** Record excerpts follows **
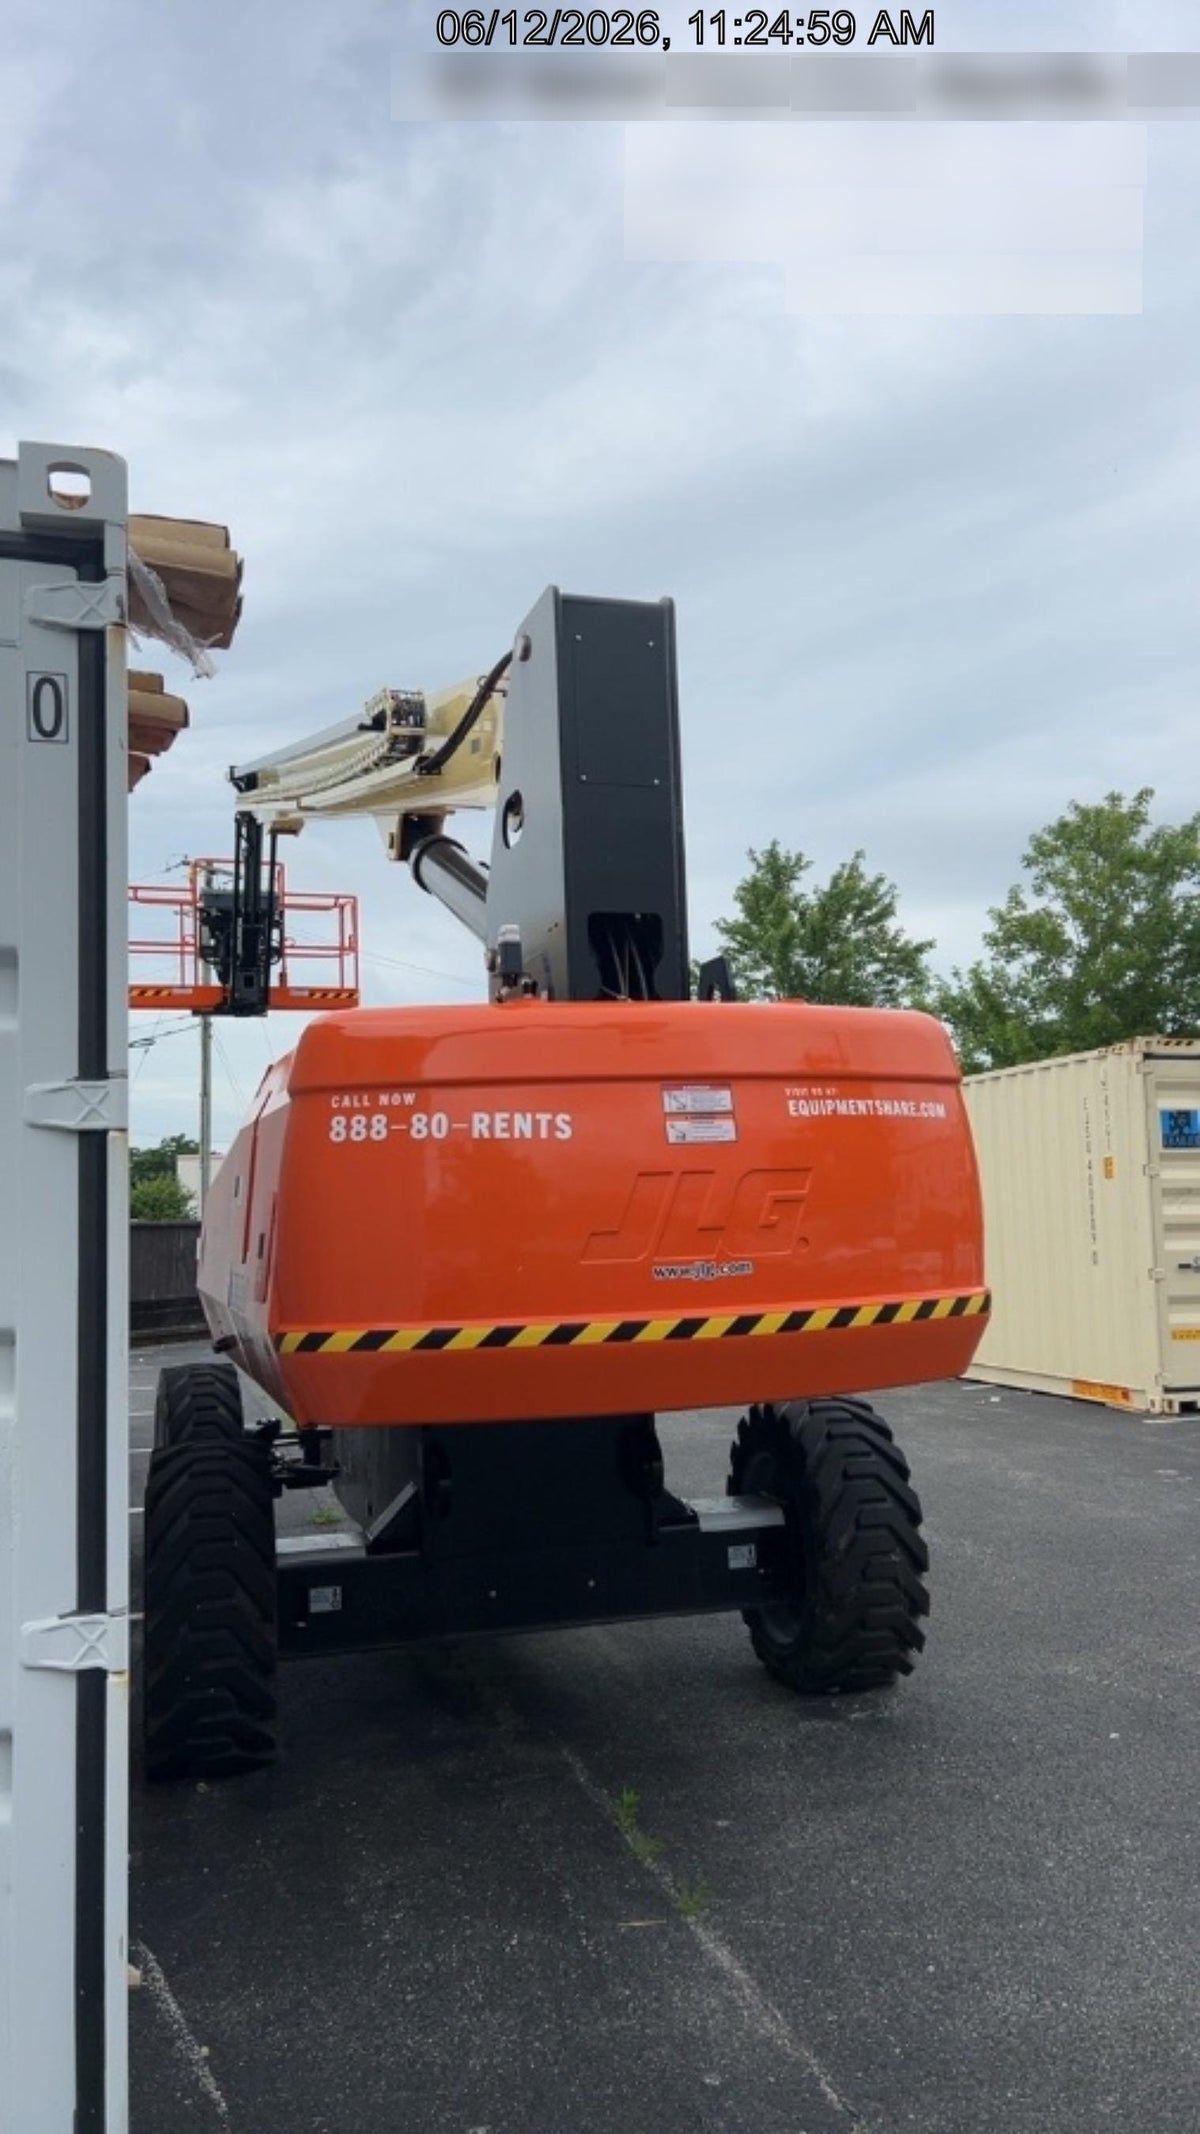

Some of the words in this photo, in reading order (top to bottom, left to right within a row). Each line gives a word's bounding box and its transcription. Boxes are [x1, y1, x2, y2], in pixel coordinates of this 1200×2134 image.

[32, 676, 63, 739] 0
[331, 1095, 370, 1108] CALL
[379, 1092, 416, 1106] NOW
[788, 1099, 946, 1119] EQUIPMENTSHARE.COM
[329, 1111, 573, 1143] 888-80-RENTS
[579, 1167, 814, 1264] JLG
[652, 1261, 753, 1281] www.jlg.com
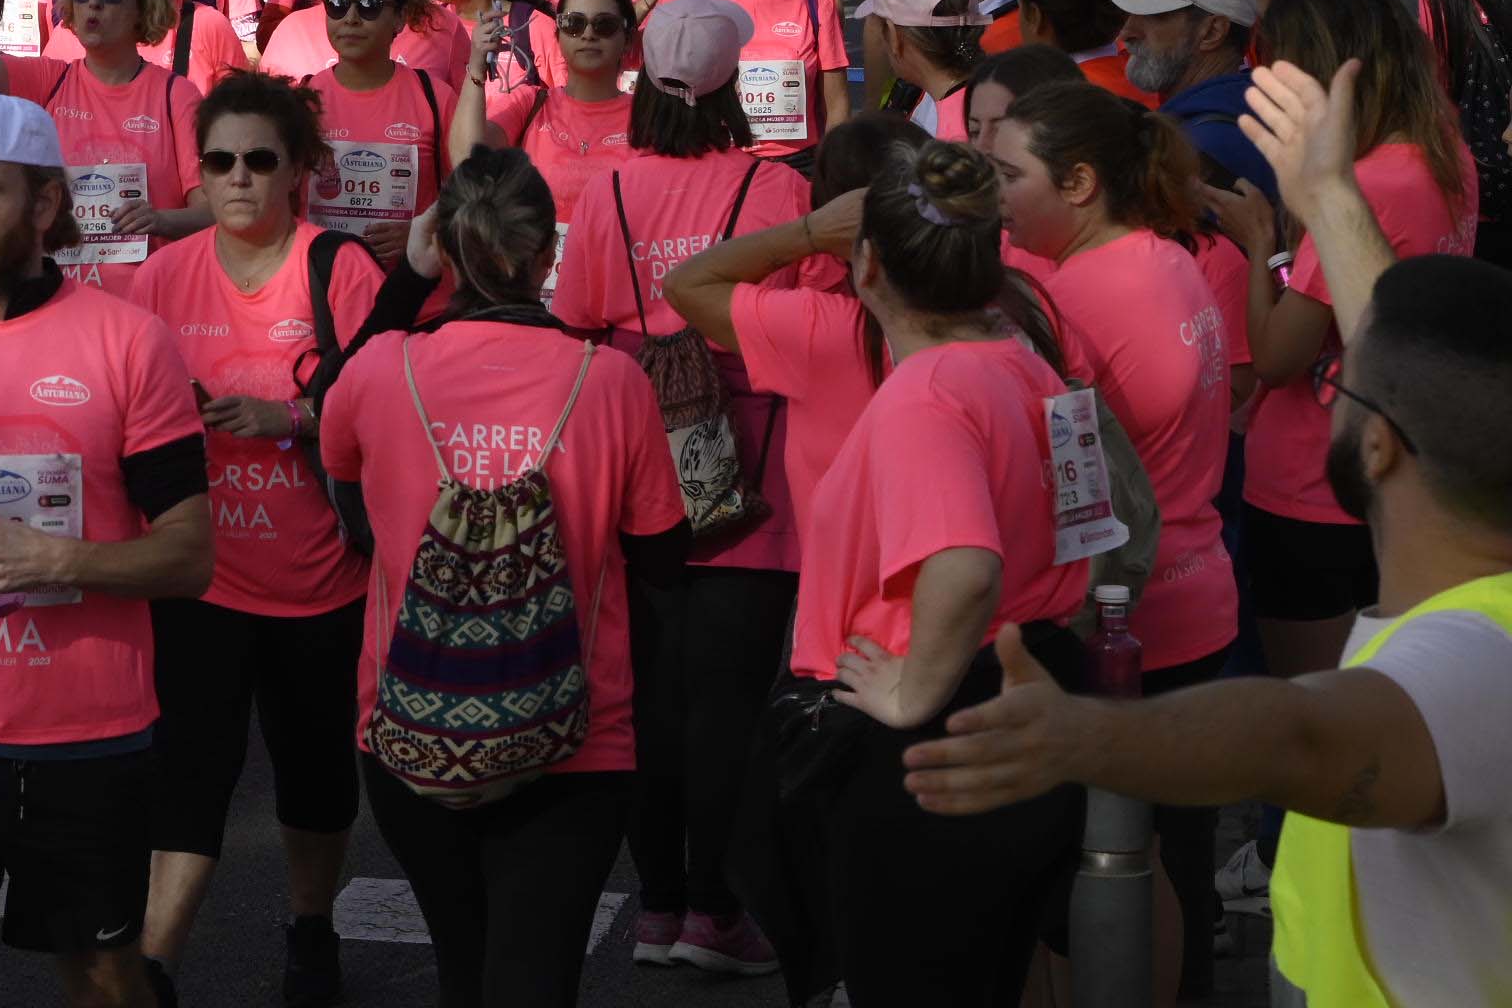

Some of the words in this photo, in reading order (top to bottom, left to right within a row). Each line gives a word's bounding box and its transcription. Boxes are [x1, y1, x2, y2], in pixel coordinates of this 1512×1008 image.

[343, 157, 385, 169] ASTURIANA
[345, 179, 381, 194] 016
[349, 197, 374, 207] 6872
[107, 247, 141, 257] Santander
[180, 322, 231, 337] OYSHO
[34, 386, 88, 401] ASTURIANA
[428, 421, 566, 454] CARRERA
[453, 449, 491, 475] DE
[503, 451, 536, 476] LA
[37, 474, 71, 485] SUMA
[28, 656, 52, 667] 2023
** End of Record excerpts **
Your answer must be an exact copy of every entry, with no pictures in it.

Some of the words in this photo, in reading order (top to bottom, left to right within a row). Each line gives a word's bounding box and its transcription. Boxes are [x1, y1, x2, y2], in pixel coordinates of this 1200×2134 image.

[32, 676, 63, 739] 0
[331, 1095, 370, 1108] CALL
[379, 1092, 416, 1106] NOW
[788, 1099, 946, 1119] EQUIPMENTSHARE.COM
[329, 1111, 573, 1143] 888-80-RENTS
[579, 1167, 814, 1264] JLG
[652, 1261, 753, 1281] www.jlg.com

Some of the words in this photo, in reading order (top to bottom, left to right within a row). Each line gives a word's bounding box and its transcription. Boxes are [x1, y1, x2, y2], in pixel coordinates of this 1512×1008 image.

[343, 157, 385, 169] ASTURIANA
[345, 179, 381, 194] 016
[349, 197, 374, 207] 6872
[107, 247, 141, 257] Santander
[180, 322, 231, 337] OYSHO
[34, 386, 88, 401] ASTURIANA
[428, 421, 566, 454] CARRERA
[453, 449, 491, 475] DE
[503, 451, 536, 476] LA
[37, 474, 71, 485] SUMA
[28, 656, 52, 667] 2023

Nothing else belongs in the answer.